Functions

Functions—sometimes known as subroutines—allow us to package code into a named operation that makes it available for reuse. We’ve already defined one function in Chapters 2 and 4: the nullary function main, which serves as the entry point for a program.

In this chapter, we learn how to define other functions (and some of their subtleties), how C++ models functions, and the lifetime of objects.

Table of contents

  1. Functions
    1. Table of contents
    2. Objectives and outcomes
    3. Acknowledgements
    4. Function definitions
      1. Defining functions
      2. Functions need to be declared before they can be used
      3. Don’t forget the return statement!
        1. main is a special function
        2. We don’t return const objects
      4. Overloads: same name, different parameters
      5. Passing parameters as references-to-const
        1. Don’t use references in return types yet
      6. auto as a parameter
    5. Understanding how the computer sees functions
      1. The Collatz conjecture
      2. A call to satisfies_collatz_conjecture
      3. Looking inside a stack frame
      4. Tying this back to references
    6. Feedback
    7. Summary

Objectives and outcomes

Objective (you will develop) Outcome (you will be able to)
an understanding of functions and skills in writing code that leverages functions
  • synthesise function definitions, including overloads.
  • identify a function’s return type, parameters, and name.
  • identify the difference between a value parameter and a reference parameter.
  • explain how the computer models and executes function calls.
  • outline how function overloads are chosen.
  • identify appropriate times to overload functions.
  • outline the differences between main and all other functions.

Acknowledgements

Thanks to Janet Cobb, Juliette H. L., Vagrant Gautam, Nicole Mazzuca, Arien Judge, and Tom Kunc, for providing technical feedback, and to Maren Pan for providing artistic advice.

Function definitions

Defining functions

Let’s suppose that we wanted to compute the hypotenuse of a right-angle triangle.
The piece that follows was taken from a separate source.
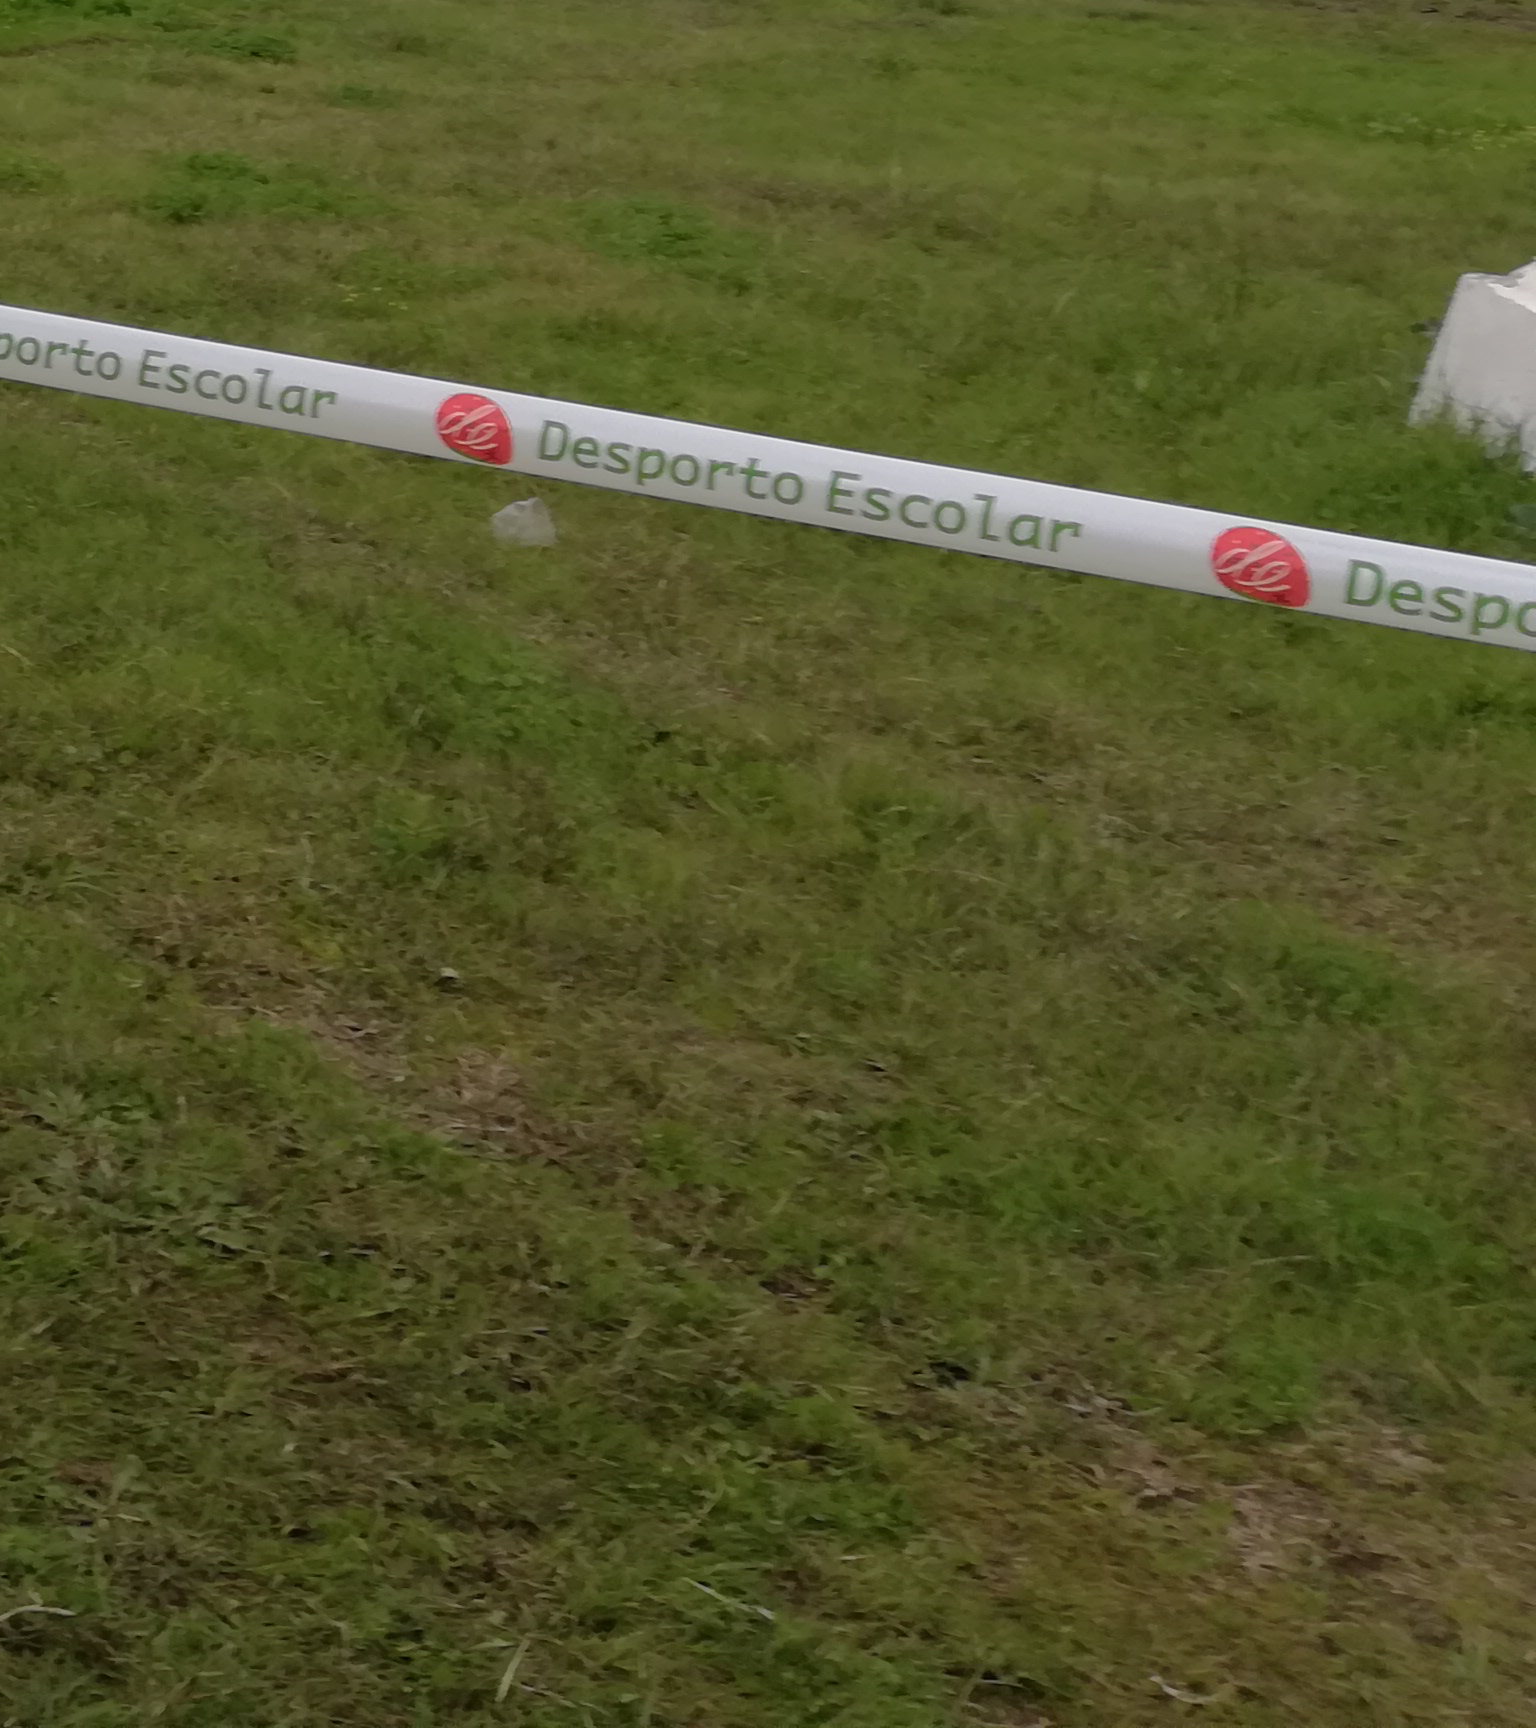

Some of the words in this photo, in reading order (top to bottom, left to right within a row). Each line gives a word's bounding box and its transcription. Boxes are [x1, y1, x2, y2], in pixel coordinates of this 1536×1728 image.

[137, 349, 339, 419] Escolar
[538, 419, 805, 506] Desporto
[824, 470, 1083, 553] Escolar
The formula for this is $$c = \sqrt{a^{\ 2} + b^{\ 2}}$$ In code, this would look like

auto hypotenuse(double const a, double const b) -> double
{
  return std::sqrt((a * a) + (b * b)); // std::sqrt is in <cmath>
}

There are a few differences to main, but the structure is fairly similar. The key differences are that we have replaced int with auto, have a parameter list inside the parentheses, then follow up with -> double to specify the return type, and finally, we have a return-statement inside the function’s body.
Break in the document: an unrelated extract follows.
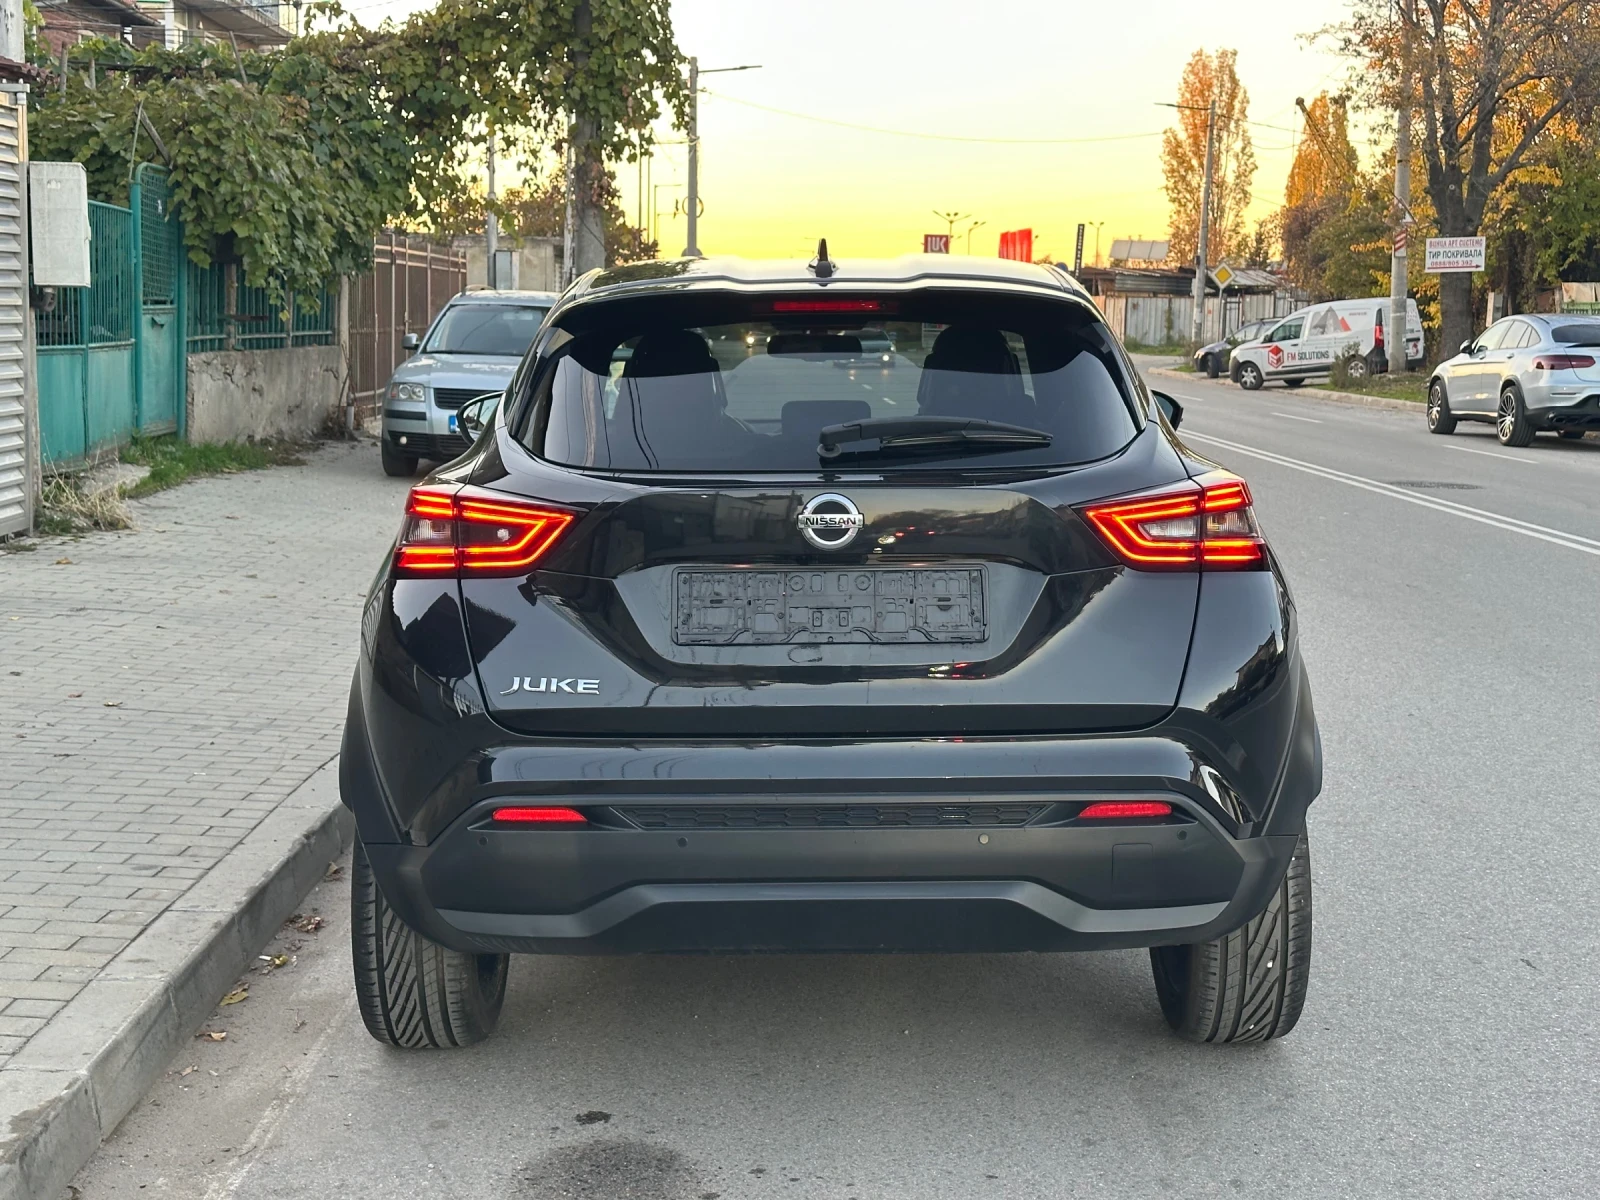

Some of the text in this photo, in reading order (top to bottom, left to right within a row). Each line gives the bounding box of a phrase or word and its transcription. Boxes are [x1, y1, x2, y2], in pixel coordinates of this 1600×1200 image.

[1428, 249, 1482, 259] ТИР ПОКРИВАЛА
[1287, 350, 1329, 361] FM SOLUTIONS
[805, 517, 857, 526] NISSAN
[500, 676, 600, 695] JUKE
Functions need to be declared before they can be used

Before a function can be called, it needs to be declared. A function declaration is like an announcement to the compiler that a function exists. Unlike languages such as C♯ and Java, the position of a function matters. For example, this program fails to compile, because the compiler doesn’t yet know about the existence of hypotenuse.

TEST_CASE("hypotenuse")
{
  CHECK(hypotenuse(3.0, 4.0) == 5.0);
}

auto hypotenuse(double const a, double const b) -> double
{
  return std::sqrt((a * a) + (b * b));
}
error: use of undeclared identifier 'hypotenuse'
  CHECK(hypotenuse(3.0, 4.0) == 5.0);
        ^
error: use of undeclared identifier 'hypotenuse'
error: use of undeclared identifier 'hypotenuse'
3 errors generated.

You can ignore the repeated diagnostics: in order to deliver a high-quality test framework, Catch2 does some behind-the-scenes work that tricks the compiler into thinking the function is called three times, even though it’s only called once.


The solution is to put the function definition before its first use.

auto hypotenuse(double const a, double const b) -> double
{
  return std::sqrt((a * a) + (b * b));
}

TEST_CASE("hypotenuse")
{
  CHECK(hypotenuse(3.0, 4.0) == 5.0);
}
===============================================================================
All tests passed (1 assertion in 1 test case)

Don’t forget the return statement!

If we comment out the return statement, then we’ll get three errors.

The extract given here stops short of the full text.